(Text-to-region grounding data)
──────────────────────────────

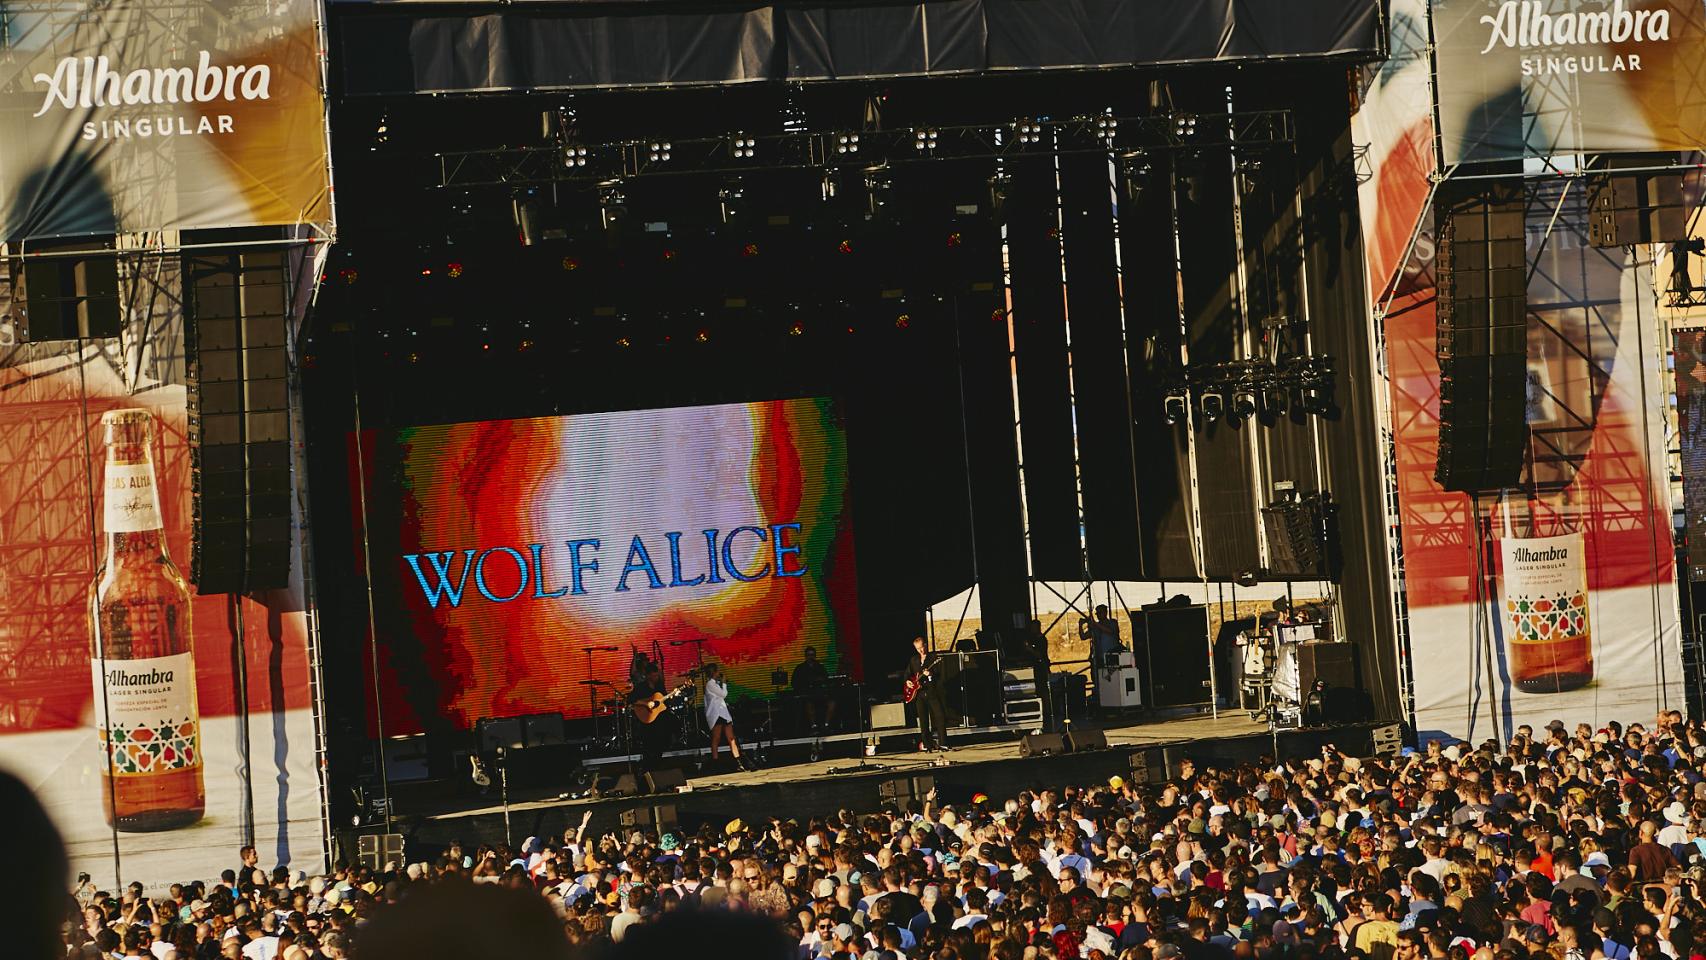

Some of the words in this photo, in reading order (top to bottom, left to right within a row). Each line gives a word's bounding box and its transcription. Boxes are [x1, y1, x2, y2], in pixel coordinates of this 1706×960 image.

[1480, 0, 1669, 54] Alhambra
[1521, 54, 1642, 76] SINGULAR
[33, 50, 271, 118] Alhambra
[83, 114, 235, 141] SINGULAR
[403, 538, 601, 609] WOLF
[615, 522, 809, 592] ALICE
[1512, 546, 1568, 563] Alhambra
[105, 668, 173, 686] Alhambra
[135, 687, 171, 695] SINGULAR

──────────────────────────────

• Task objective:
Copy every record exactly as it appears, apart from any pictures.

• Exercise solution:
Some of the words in this photo, in reading order (top to bottom, left to right within a row). Each line gives a word's bounding box and its transcription. Boxes are [x1, y1, x2, y2], in pixel coordinates of this 1706×960 image.

[1480, 0, 1669, 54] Alhambra
[1521, 54, 1642, 76] SINGULAR
[33, 50, 271, 118] Alhambra
[83, 114, 235, 141] SINGULAR
[403, 538, 601, 609] WOLF
[615, 522, 809, 592] ALICE
[1512, 546, 1568, 563] Alhambra
[105, 668, 173, 686] Alhambra
[135, 687, 171, 695] SINGULAR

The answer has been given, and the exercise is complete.